In fact, I built my own little personal telco around their services and API.

It is all slowly falling apart, however, as their failure to build out their infrastructure offerings (as opposed to their "customer engagement" offerings) and the regulatory SNAFUs[1][2] that are emerging as a result of their behavior erode all of my use-cases ...

All I wanted was more, and more useful, twiml verbs ... instead I got "customer engagement workflows".

[1] https://twitter.com/rsyncnet/status/1593384850073214976

[2] 10DLC A2P makes personal/hobbyist Twilio usage basically impossible (although mine continue to work ...)


Their support for registering 800 numbers and verifying your identity is absolute 100% trash. I've filled out their verify form many times, every time to be prompted to do it all over again months later. Over and over again.

I was a HUGE Twilio booster back in the day. I encouraged its use heavily in my very large org because it was so much better than our entrenched phone provider. I was (maybe still am) featured on their website. But things have just gotten more..business-y, less developer focused, just..generally worse.

I don't know what to do with these guys anymore. I understand they're trying to grapple with the mess of regulations that got dumped on them, but their messaging and support around all this is BAD. There's no answers, just walls of canned text.


Confused, I don't see what's in common with all of the companies in your list.

I work with Twilio a lot and kind of agree with your last sentence but what do you mean? Are these normal business practices?


They start out insanely great when riding high on VC cash, but over time they become the gorilla in the room and their service and support and quality begins to diminish until they're more annoying than they are helpful.


Couldn't have said it better myself.

There's a very obvious pattern on the spectrum of | Asset -> Liability |, and sadly, time proves they're much closer to a liability than an asset.

Over time, tech becomes a tax.


It is surprising that our VC based companies haven’t been hit with anti-dumping sanctions. I guess if there are enough extra steps…


Unfortunately, a cursory glance at the tech landscape betrays that these are "normal" business practices.

Or, more accurately, that they have become normal, rather than being objectively normal.


Same here! So, i wonder then, who would be a viable alternative to Twilio?


Hey! I'd naturally recommend SignalWire (as one of the founders over there.)

We have a full messaging + voice + video APIs, including a Twilio-compatible API just for people who need to switch. We're backed by companies like Deutsche Telekom, T-Mobile, and Samsung so we know how to make telecom infra!

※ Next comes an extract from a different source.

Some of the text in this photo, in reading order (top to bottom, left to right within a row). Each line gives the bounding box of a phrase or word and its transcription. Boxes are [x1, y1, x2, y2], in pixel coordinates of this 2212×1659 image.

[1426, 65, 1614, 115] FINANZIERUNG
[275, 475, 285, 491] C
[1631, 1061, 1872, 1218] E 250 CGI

https://signalwire.com/products/cloud-messaging

We're also the folks behind the open-source FreeSWITCH framework that powers companies like Bandwidth, Five9, Dialpad, Zoom Voice... maybe even your own company's PBX!

https://freeswitch.com


How are you preventing the type of attack that is being described here?

Thanks


Million dollar question:

Do you have a god-damned email verb for twiml ?

I mean, seriously. Twilio could allow (verified-ownership emails only) for the simplest possible email integration into twiml for the sole purpose of alerting and paging, etc.

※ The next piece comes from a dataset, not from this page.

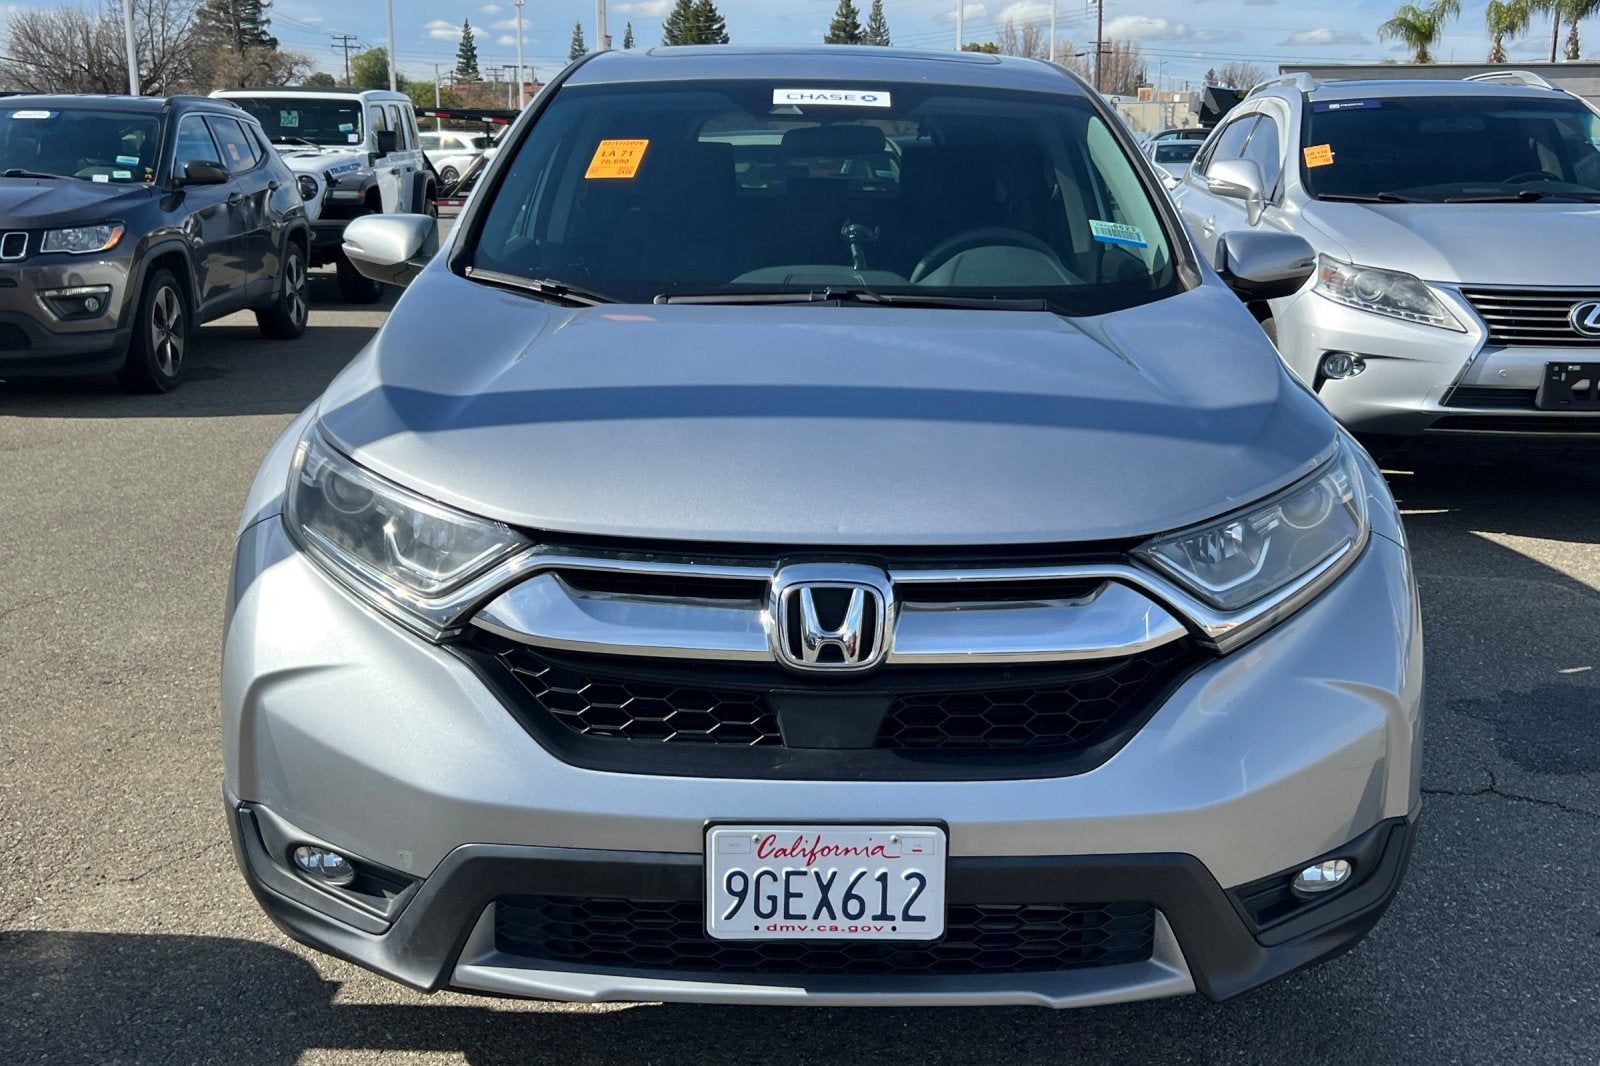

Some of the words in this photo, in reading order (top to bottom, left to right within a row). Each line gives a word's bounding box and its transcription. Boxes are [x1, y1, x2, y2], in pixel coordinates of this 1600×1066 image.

[786, 93, 857, 101] CHASE
[757, 834, 902, 866] California
[724, 870, 927, 922] 9GEX612
[766, 923, 885, 933] dmv.ca.gov

No spam possible since it's only verified account-controlled emails. Basically sending email to yourself from within twiml.

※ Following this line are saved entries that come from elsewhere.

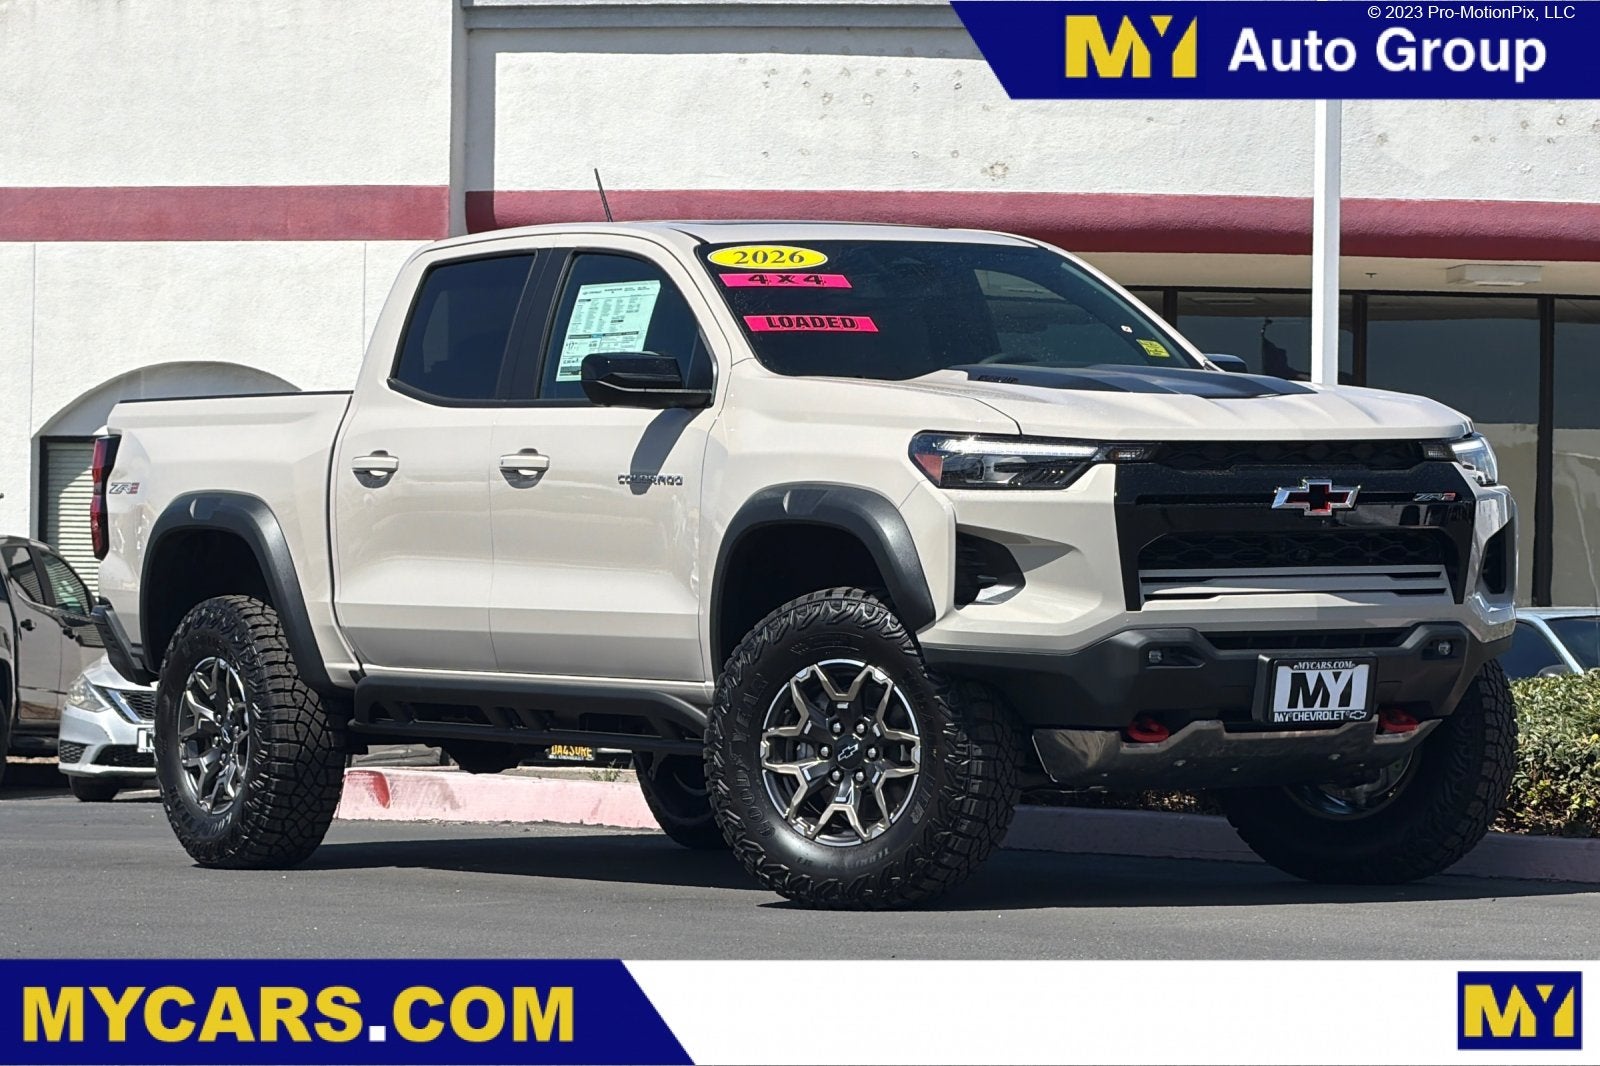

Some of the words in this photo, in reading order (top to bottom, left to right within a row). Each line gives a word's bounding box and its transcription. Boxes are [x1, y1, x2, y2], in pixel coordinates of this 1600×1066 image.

[733, 249, 805, 265] 2026
[765, 316, 860, 330] LOADED
[617, 474, 684, 486] COLORADO
[1287, 671, 1354, 709] MY
[1274, 712, 1290, 723] MY
[1292, 710, 1346, 721] CHEVROLET
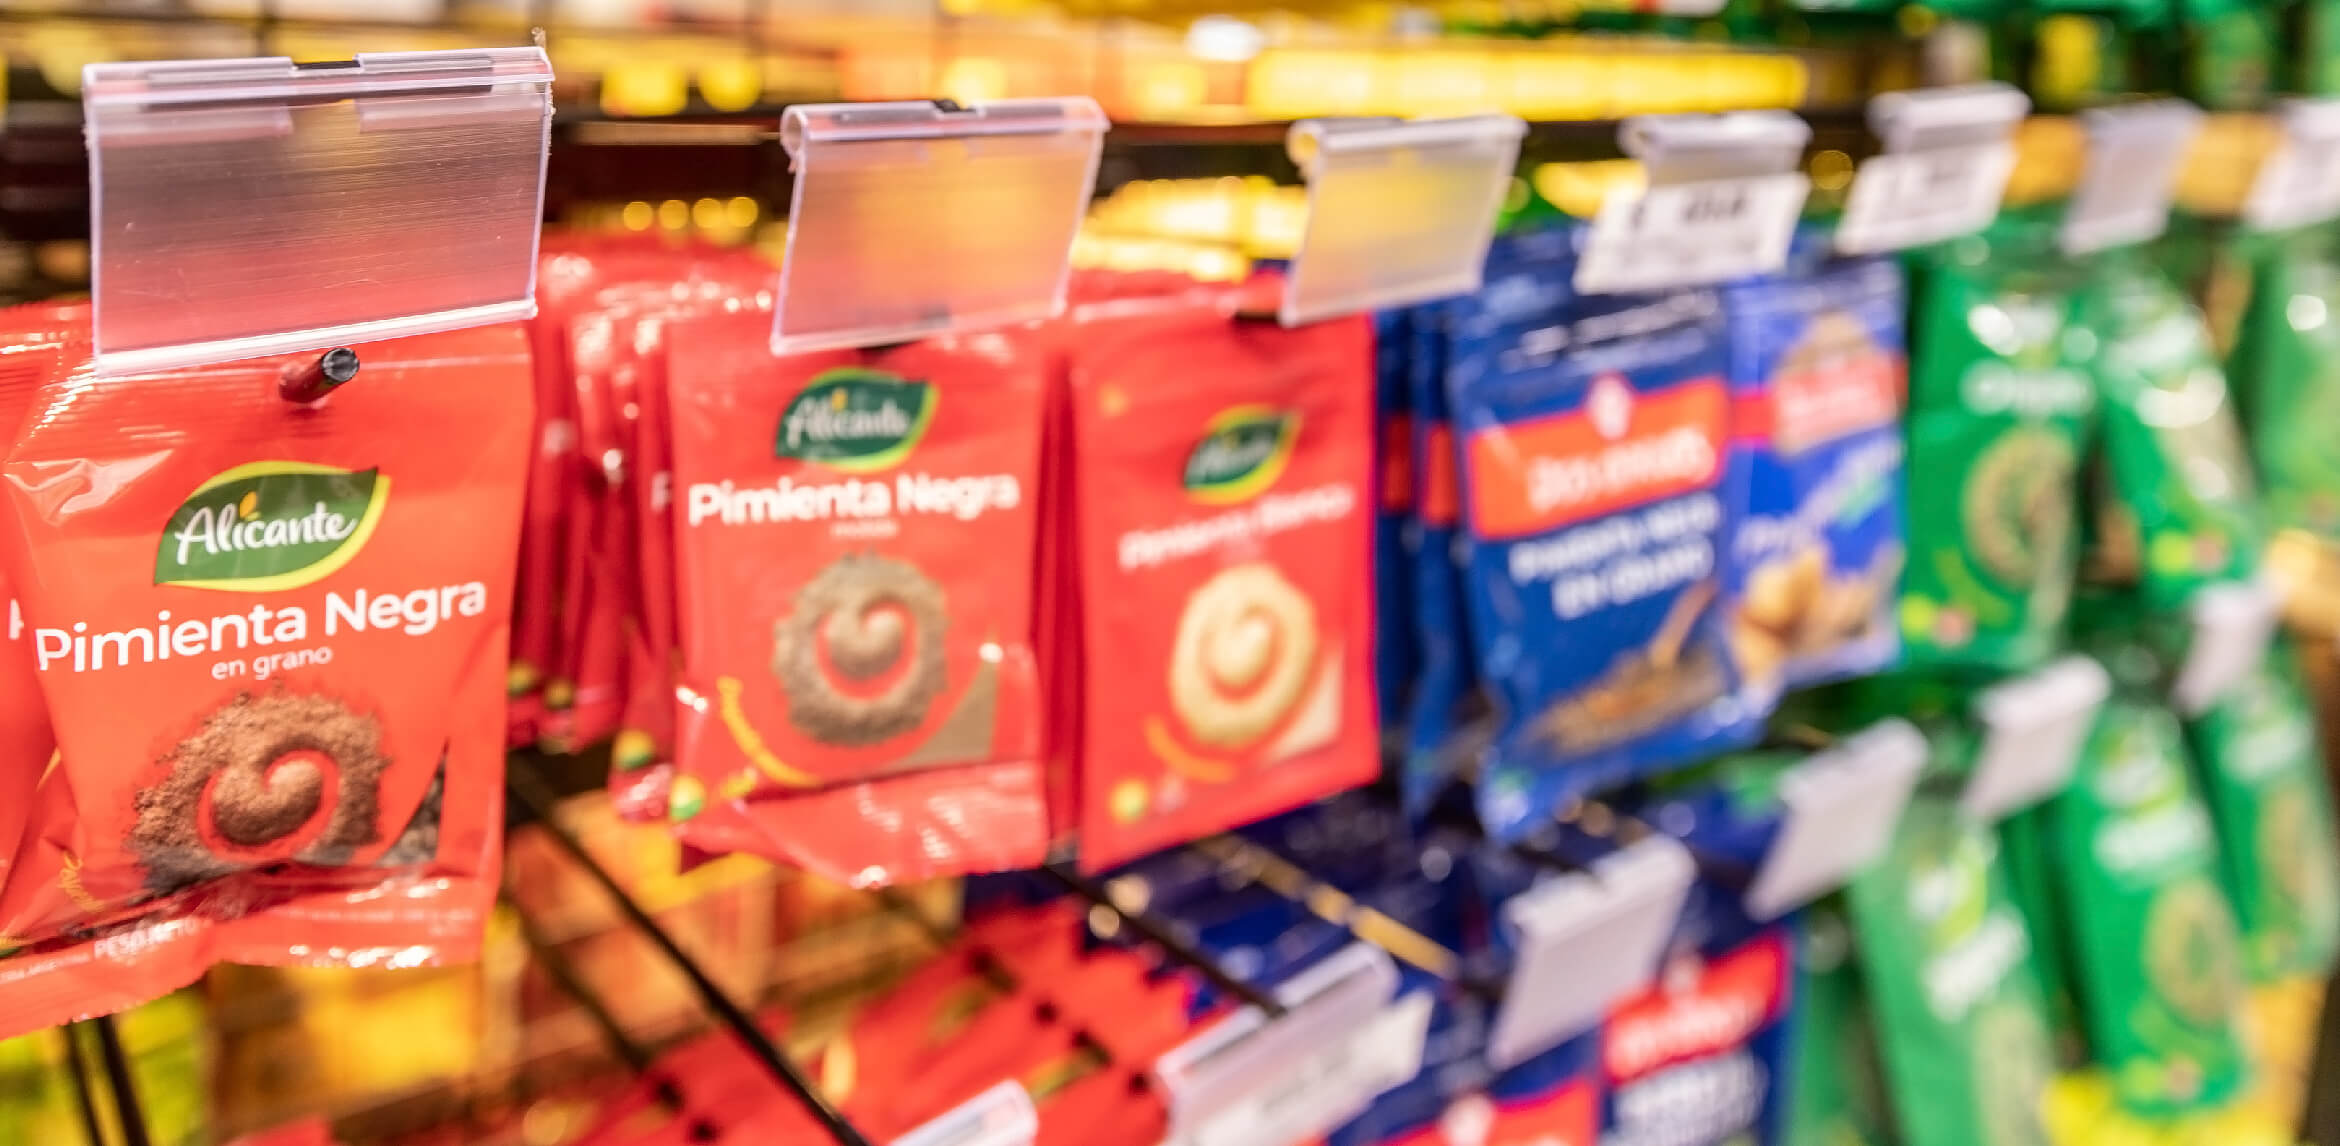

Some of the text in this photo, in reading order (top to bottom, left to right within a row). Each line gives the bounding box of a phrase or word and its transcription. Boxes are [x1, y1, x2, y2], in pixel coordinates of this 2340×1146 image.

[688, 476, 892, 527] Pimienta
[896, 472, 1021, 521] Negra
[174, 499, 358, 565] Alicante
[35, 603, 306, 672] Pimienta
[324, 581, 487, 636] Negra
[211, 645, 334, 681] en grano
[94, 932, 145, 960] PESO

But no. Instead they bought sendgrid and email integration is a complete abomination of a two-company, two platform, two accounts workflow that is fragile and fails all the time.

So ... do you ?


Unfortunately, I haven't found any. There are some hacky solutions that I've bookmarked over the years, but nothing reliable enough for a production service(s). At least that I've found.

Most "alternative" SMS services a simply a façade built on top of Twilio, with the markup to prove it.


There are some alternatives for example:

https://wavecell.com/sms/

While they are mostly known in Asia but they offer service in Europe/North America as well.


Thank you for sharing. Haven't heard of this before.


i've used these guys: Thinq and they are awesome for sms / messaging apis

https://www.thinq.com/sms-mms-text-messaging/


> SendGrid

Just FYI SendGrid is a Twilio product LOL, so I guess you are right.